More on the Hoovers in China:
Herbert and Lou Henry Hoover were newlyweds when they boarded a steamship in San Francisco harbor on February 11, 1899, on their way to China. However, this was more than a honeymoon. Bert was starting a new job as a consulting engineer to the Chinese Engineering and Mining Company.
As the Hoovers settled into the foreign compound in Tientsin, Lou studied Chinese and assisted her husband in his work, becoming the first woman to descend into the mines. The Hoovers traveled extensively, but when news of Boxer violence reached them in May 1900, they stayed inside the walled compound with hundreds of other foreigners.
It must have been a shock when the first shells hit Tientsin on June 17th. Facing a siege and defended by only 2,500 soldiers, Bert led an engineering detail to bolster the walls while Lou tended to the wounded and distressed. On at least two occasions Lou cheated death: once, shells smashed the porch of her home while she was nearby, and another time a bullet missed her leg by inches, puncturing her bicycle tire. The siege was broken in mid-July when more foreign and American troops reached the city.

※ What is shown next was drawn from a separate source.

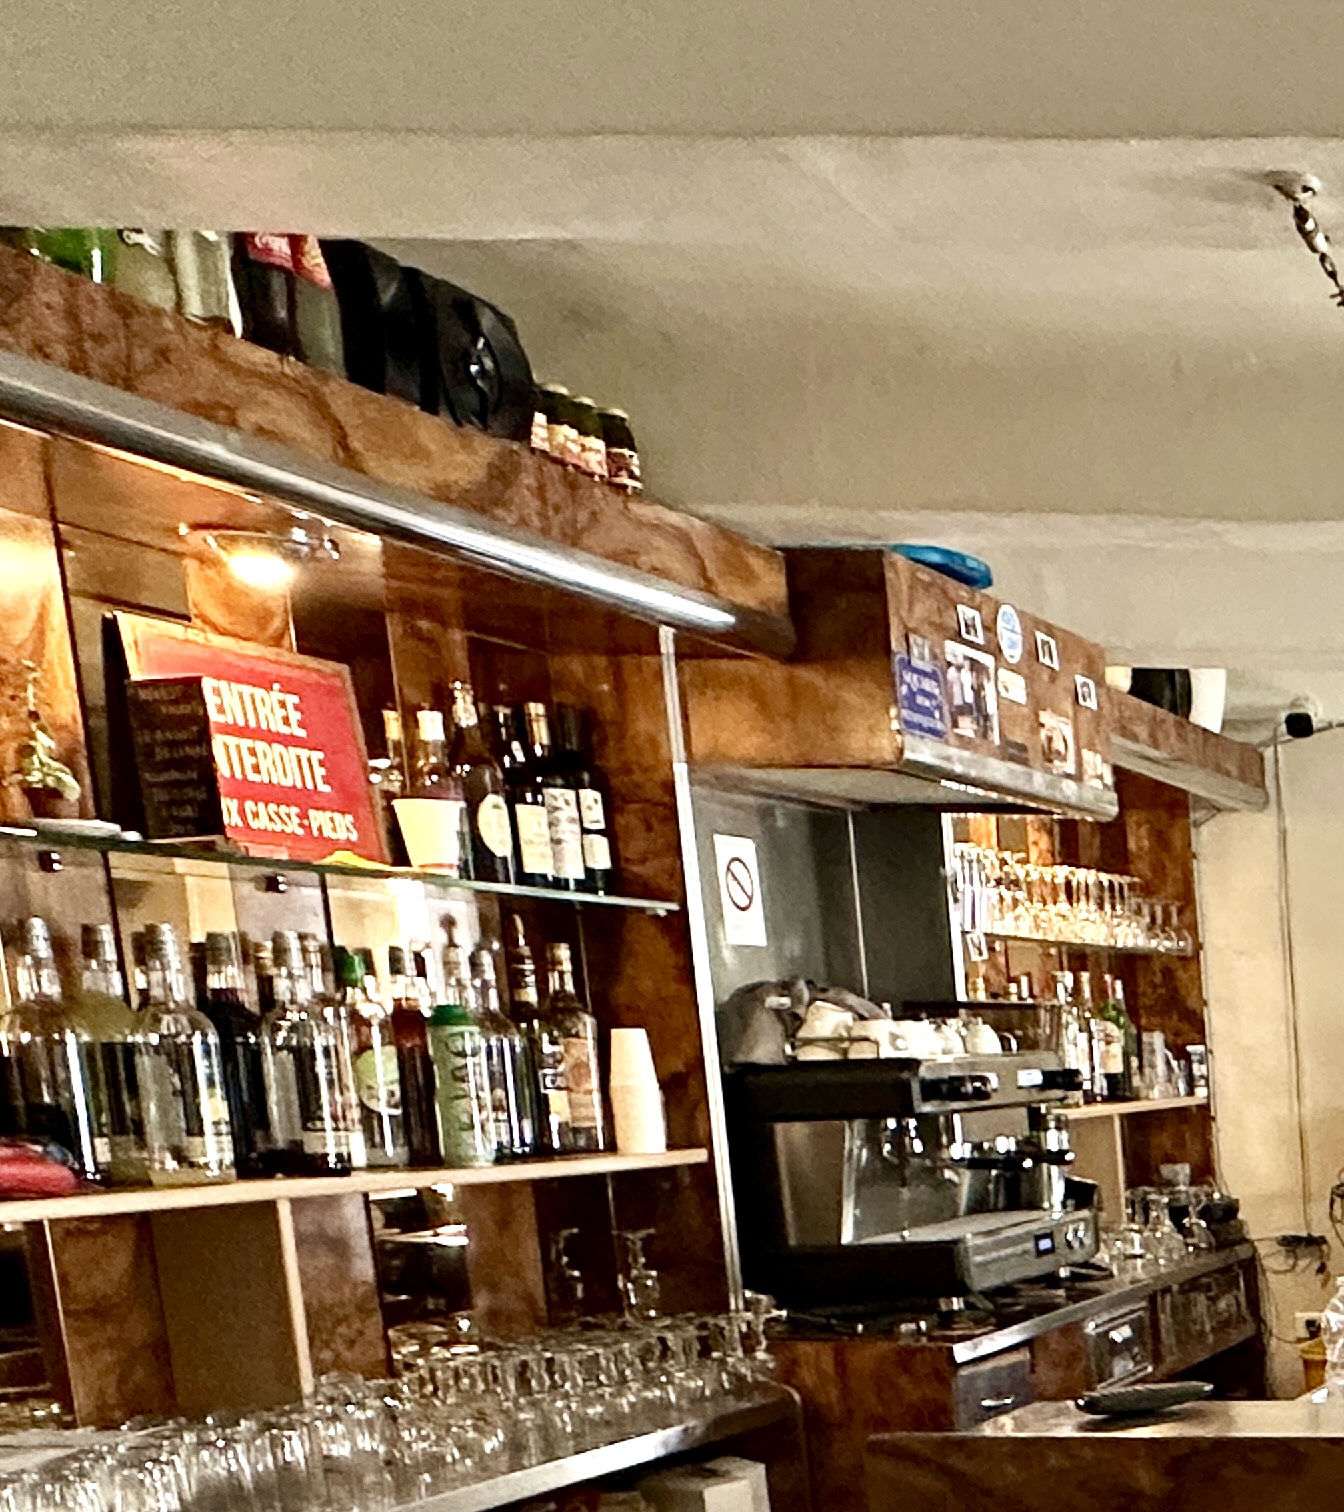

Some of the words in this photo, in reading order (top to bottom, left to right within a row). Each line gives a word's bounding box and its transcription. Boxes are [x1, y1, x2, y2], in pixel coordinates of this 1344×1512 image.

At age 25, Lou took it all in stride. "You missed one of the opportunities of your life by not coming to China in the summer of 1900," she wrote in a letter to a friend. "You should have been here - at the most interesting siege and bombardment of the age."
The mining company collapsed, so the Hoovers spent the autumn in England, returning to Asia in 1901. Lou took up residence in Japan while Bert traveled on the Chinese mainland. When the Belgians bought out British mining interests, the Hoovers were free to seek their destinies.
Deformed Bullet - retrieved after puncturing the bicycle tire of Lou Henry Hoover during the Siege of Tientsin. The bullet missed her leg by only inches.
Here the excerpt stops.